This is my 4th Canon camera and my 10th or so digital, having ventured into the world of digital photography in 1998 or so. Later I replaced my film SLR with a Canon 10d and most recently a Canon 50d. Kellie and I spend a lot of vacation time in the tropics and love to Dive and Snorkel, so the hunt for a waterproof digital camera was on.

We read numerous reviews on all of the underwater models, comparing warranty coverage, maximum depth, servicing, requirements, etc. and the Canon Powershot D10 simply came out on top. Even though it had a more awkward shape than its Olympus and Fuji brethren, it also had the simplest servicing requirements and a more useable depth for when we took it underwater.

Unlike some of the more frail waterproof cameras out there, Canon integrated a certain level of toughness and rigidity into its D10. Indeed, the company markets this as an “adventure cam,” and that’s exactly what we went on with this by our side. Designed to be waterproof, freezeproof and shockproof, we have successfully been able to sufficiently test all of these qualities, from kayaking through Class II /III rapids on the John Day River to snow shoe and ski adventures in the Cascades, to multi-week dive and snorkel vacations where the D10 saw hours of underwater use daily.

As a overall camera, the D10 will definitely suffice as your primary point and shoot if you’re kosher with toting around a rather large (comparatively speaking) device. Compared to your standard Altoids Box sized point and shoot camera, the D10 looks a bit awkward with odd bulges. Still, as a camera it’s rather small. There will be no issues finding your in your day hatch or a dry bag for this guy on your extended kayak trips. With the awkwardly named Canon AKT-DC1 Accessory Kit you can simply attach the camera via caribiner to your deck bag or PDF for easy access while out on the water.

The accessory kit included a trio of replacement face plates and a number of cable attachments that can be affixed to any corner of the camera.  We’ve used these attachments exclusively and highly recommend it if purchasing the camera for any kind of adventure or expedition duty, especially on or under the water.

Battery life has proven to be acceptable and high discharge replacements are available. We have been able to squeeze out around an hour of video along with a several  hundred snapshots before the battery warning indicator comes on. Outside of that, we never once have taken enough shots to drain it completely in a day, although over the course of a week long trip you need to be conscientious about using the video functionality extensively if you want the battery to last.
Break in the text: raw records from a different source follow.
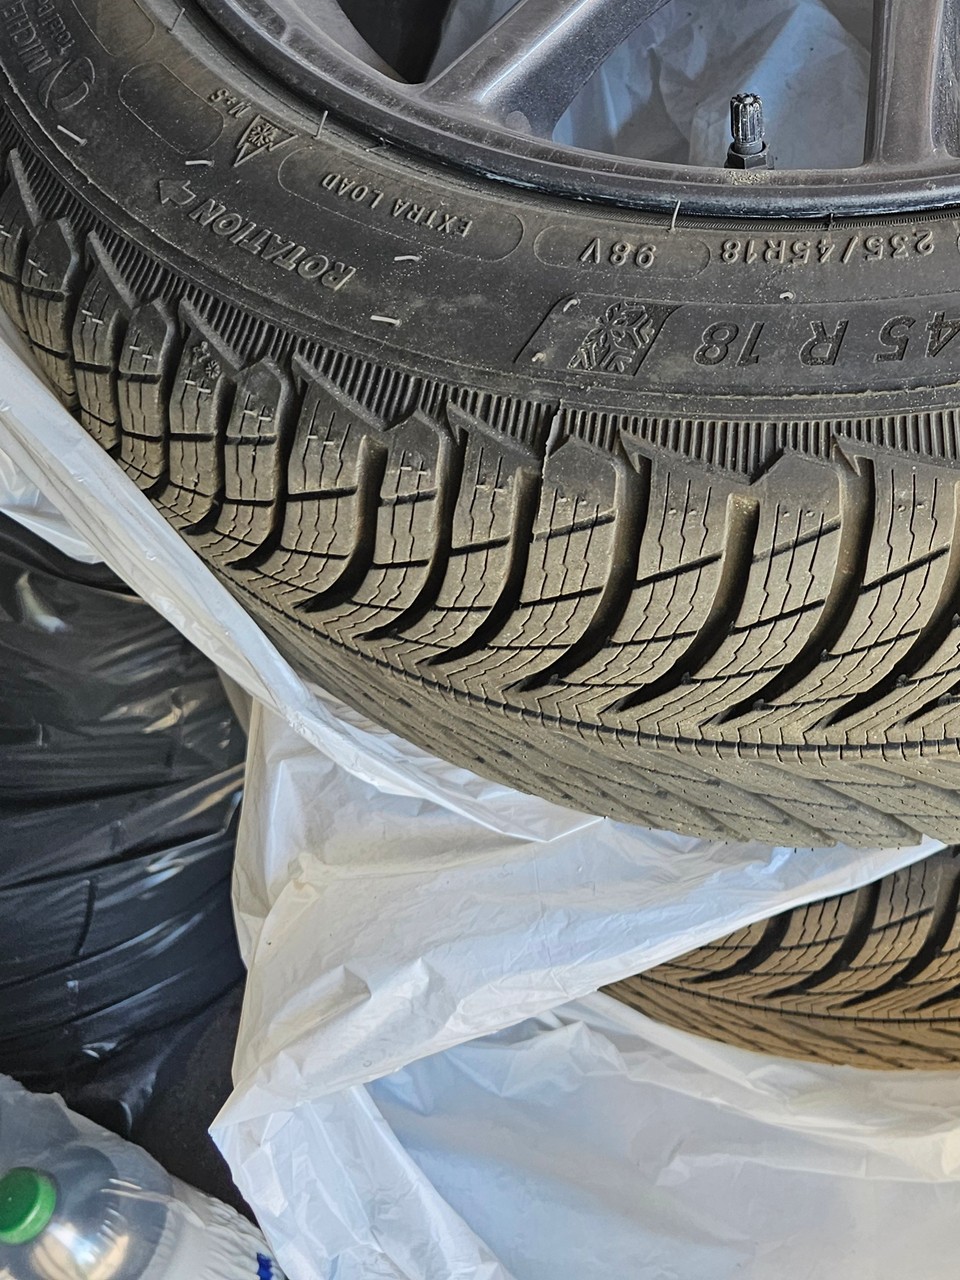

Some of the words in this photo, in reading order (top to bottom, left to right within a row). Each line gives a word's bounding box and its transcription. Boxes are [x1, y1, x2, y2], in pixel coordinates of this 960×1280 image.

[42, 13, 76, 56] Total
[208, 88, 252, 119] M+S
[320, 173, 385, 209] LOAD
[391, 198, 473, 238] EXTRA
[188, 197, 357, 291] ROTATION
[721, 229, 936, 265] 235/45R18
[694, 320, 766, 367] 18
[799, 320, 850, 366] R
We haven’t done any formal battery life testing, but overall we’ve been very impressed by just how long the rechargeable cell holds up.

Image quality is pretty good, especially when evaluating this call of camera and that you consider that this is an designed for underwater use.  Canon loaded this shooter up with some of its more advanced features (DIGIC 4 processor, optical image stabilization and face detection), and in most cases, you’d never be able to tell that you were shooting with a made-for-water camera.

All told, the Canon PowerShot D10 is a stellar camera for what it does. Canon advertises this shooter as one that’s cut out for adventure, and after surviving multiple trips and adventures with aplomb, I can truthfully say they really delivered.  The camera didn’t flinch after being drug through sand, shoved under salty waters for hours on end or banged up against a kayak. It has even seen ours in subfreezing temperatures with nary a hiccup. It’s more than just a waterproof camera that’s only marginally larger than a standard point and shoot.  It’s a rugged, lightweight shooter that should suit most everyone but the professionals.

For samples of some of the photos that the D10 has produced, look through some of the images in the gallery below.

3 Responses to Canon Powershot D10 Waterproof Camera Review

  1. hpeisu says:

    Great review… made my decision on what camera to purchase easy!

  2. Tigger says:

    I’m looking for a new camera for take photo while kayaking. It should be waterproof camera or regular point-and-shoot camera?

    • admin says:

      Go with a waterproof camera… the are all point and shoot anyway and much more rugged for a minimal cost increase of a standard point and shoot.